Dorothea Lange si avvicina alla fotografia nel 1915, imparandone la tecnica grazie ai corsi di Clarence H. White alla Columbia University. Nel 1919 apre il proprio studio di ritrattistica a San Francisco, attività che abbandona negli anni Trenta per dedicarsi a una ricerca di impronta sociale e a documentare gli effetti della Grande Depressione. Fra il 1931 e il 1933 compie diversi viaggi nello Utah, in Nevada e in Arizona.

Nel 1936 si unisce alla Farm Security Administration (FSA). All’interno di questo progetto epocale realizza alcuni dei suoi reportage più famosi, nonostante alcuni contrasti con Roy Stryker (a capo della divisione di informazione della FSA) in merito alle proprie scelte stilistiche.
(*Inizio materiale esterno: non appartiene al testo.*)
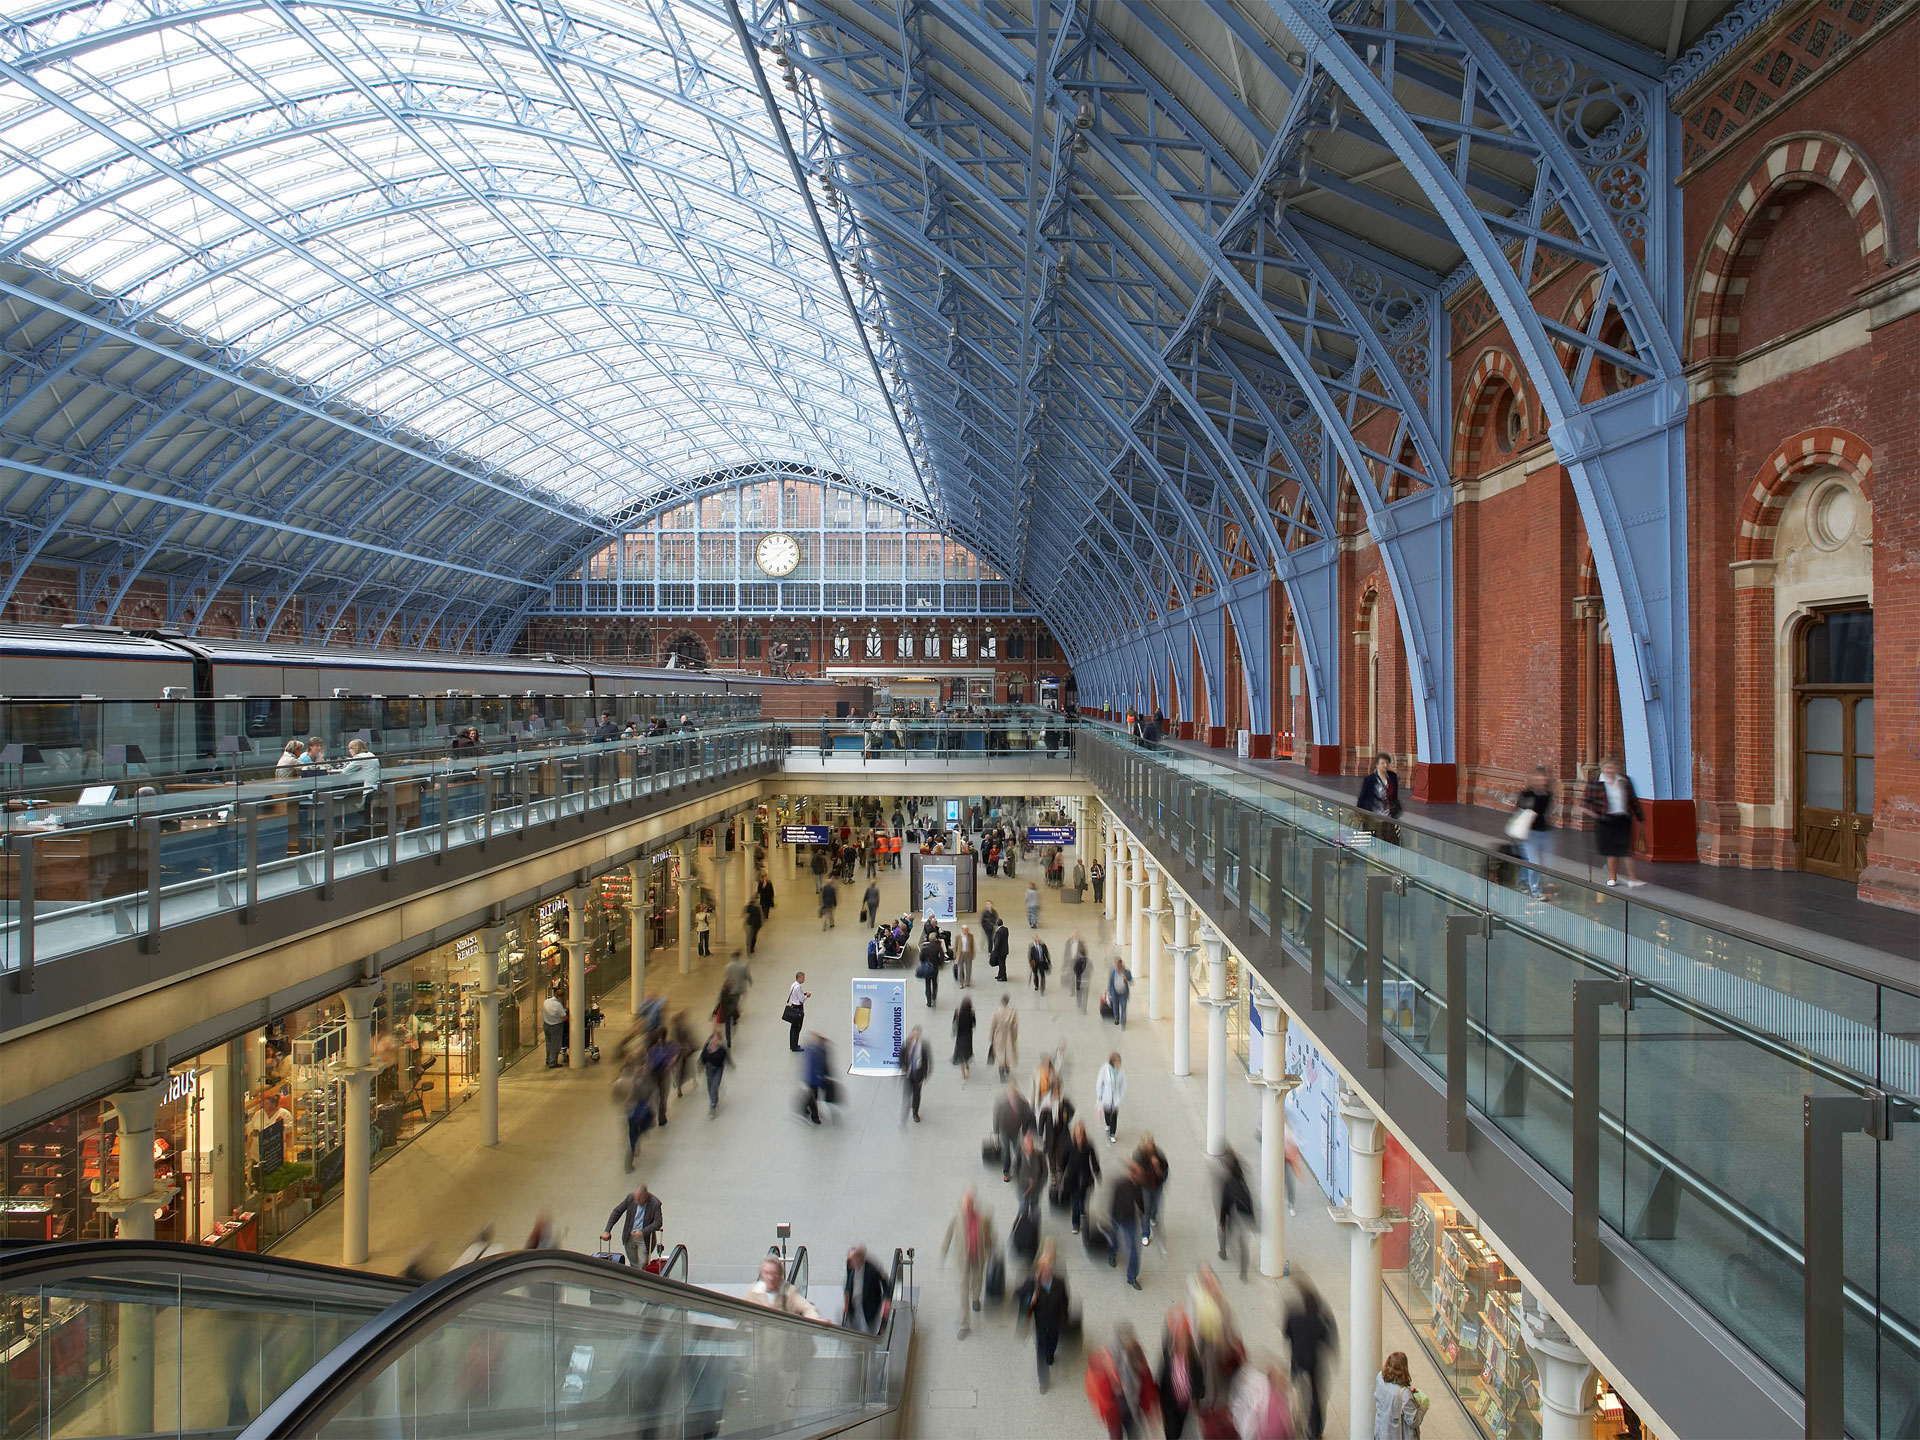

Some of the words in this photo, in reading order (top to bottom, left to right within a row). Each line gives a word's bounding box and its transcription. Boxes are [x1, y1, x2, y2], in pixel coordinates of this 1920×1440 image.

[652, 849, 671, 864] RITUALS
[539, 898, 569, 920] RITUAL
[457, 945, 479, 961] REMED
[892, 1006, 902, 1058] Rendezvous
Nel 1940 ottiene un Guggenheim Fellowship (un importante riconoscimento concesso ogni anno, dal 1925, dalla statunitense John Simon Guggenheim Memorial Foundation a chi ha dimostrato capacità eccezionali nella produzione culturale o eccezionali capacità creative nelle arti.). All’inizio degli anni Cinquanta si unisce alla redazione di Life e si dedica all’insegnamento presso l’Art Institute di San Francisco.

Muore nel 1965, a pochi mesi dall’importante mostra che stava preparando al Museum of Modern Art di New York. Fra le esposizioni più recenti si ricordano Politics of Seeing al Jeu de Paume di Parigi nel 2018 e Words & Pictures al MoMA nel 2020.